You just spent hours debugging DNS records to protect your sender reputation. Don't waste that work by emailing unverified contacts. Prospeo verifies emails at 98% accuracy for ~$0.01 each - with 75 free verifications per month to audit any list, no credit card required.
Authentication gets you past the gate. Clean data keeps you out of spam.
FAQ
What does "550-5.7.26 sender unauthenticated" mean?
Gmail rejected the email because the sending server isn't authorized by SPF, and DKIM also failed or wasn't present. Since February 2024, Gmail requires at least one authentication method from all senders. Check your SPF record and DKIM configuration to resolve it.
How do I check my SPF record?
Run nslookup -type=TXT yourdomain.com or use MXToolbox's SPF lookup. You should see one TXT record starting with v=spf1. If you see none or more than one, that's your problem.
Can I have two SPF records on one domain?
No. Multiple SPF TXT records cause a PermError, and all SPF checks fail for every email you send. Merge all authorized senders into one record and delete the extra.
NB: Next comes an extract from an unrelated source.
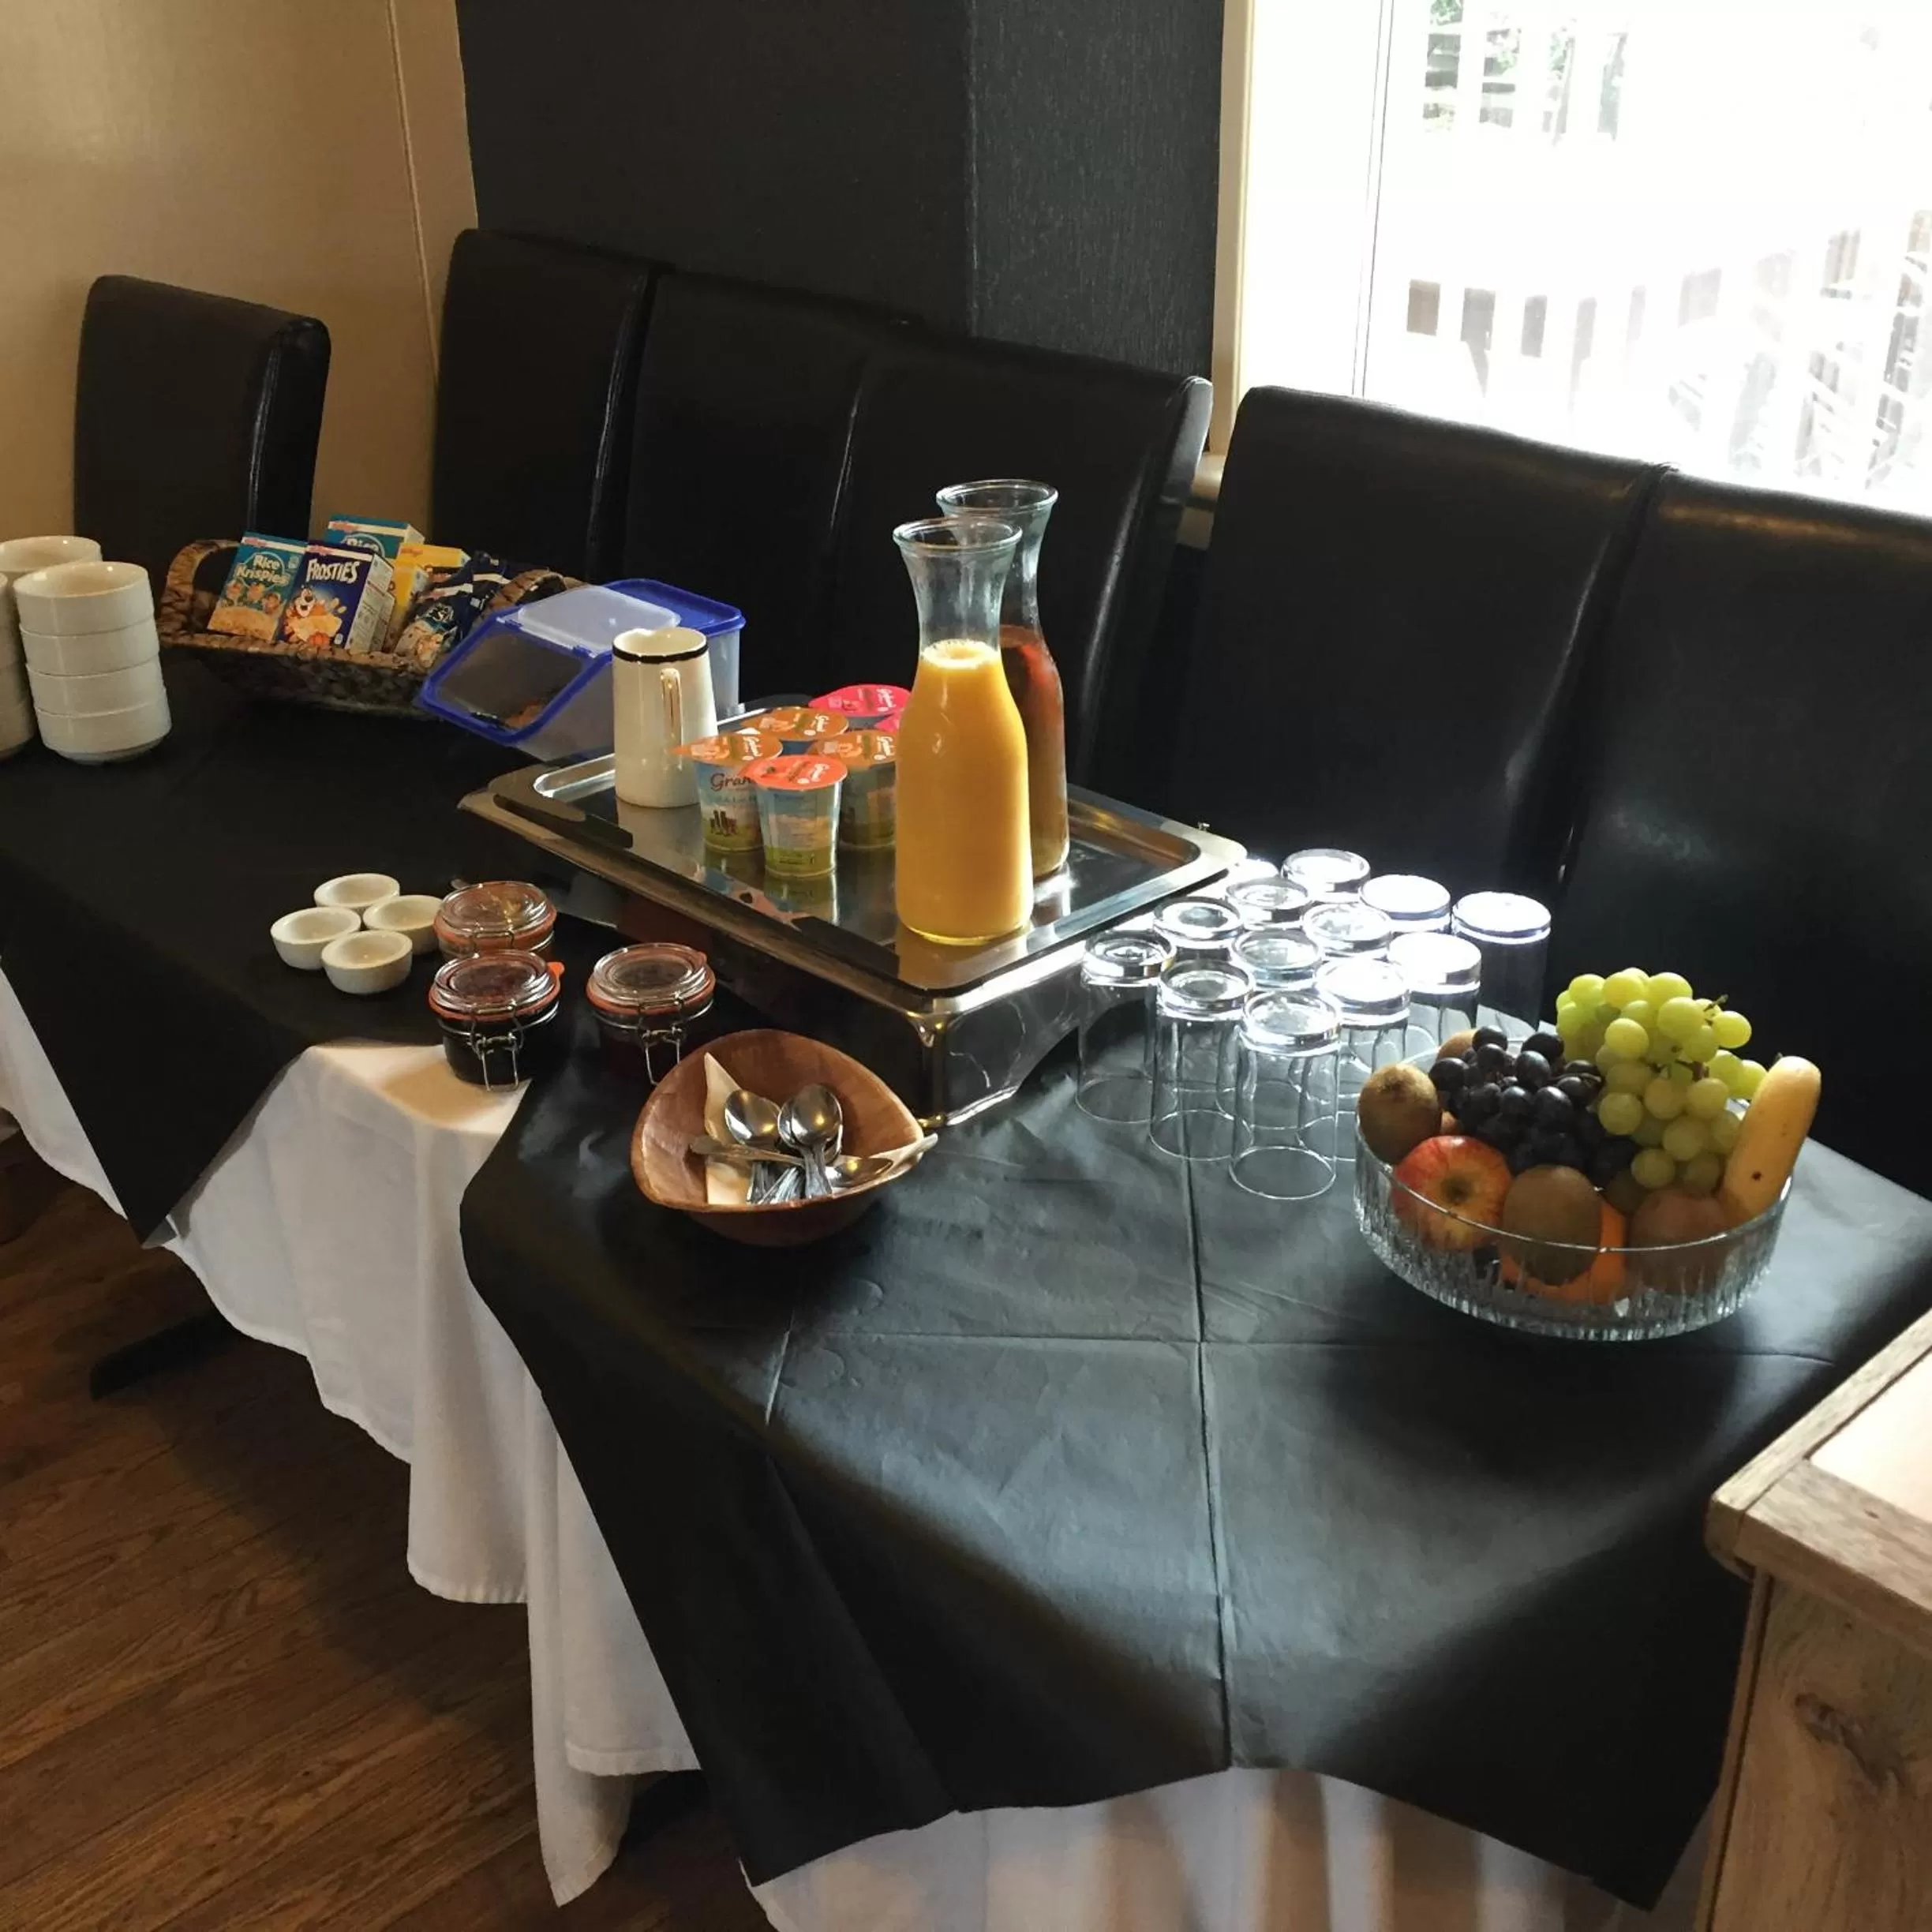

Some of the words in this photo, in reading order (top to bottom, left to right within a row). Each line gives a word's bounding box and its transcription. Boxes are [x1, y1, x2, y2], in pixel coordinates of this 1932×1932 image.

How long do SPF changes take to propagate?
Typically minutes to 48 hours depending on your domain's TTL settings. Wait at least an hour and retest with Gmail's "Show original" before making further changes.
Does email verification help after fixing SPF?
Yes. Authentication fixes stop protocol-level rejections, but sending to invalid addresses still generates bounces that hurt domain reputation. Cleaning your list before sending is the other half of the equation.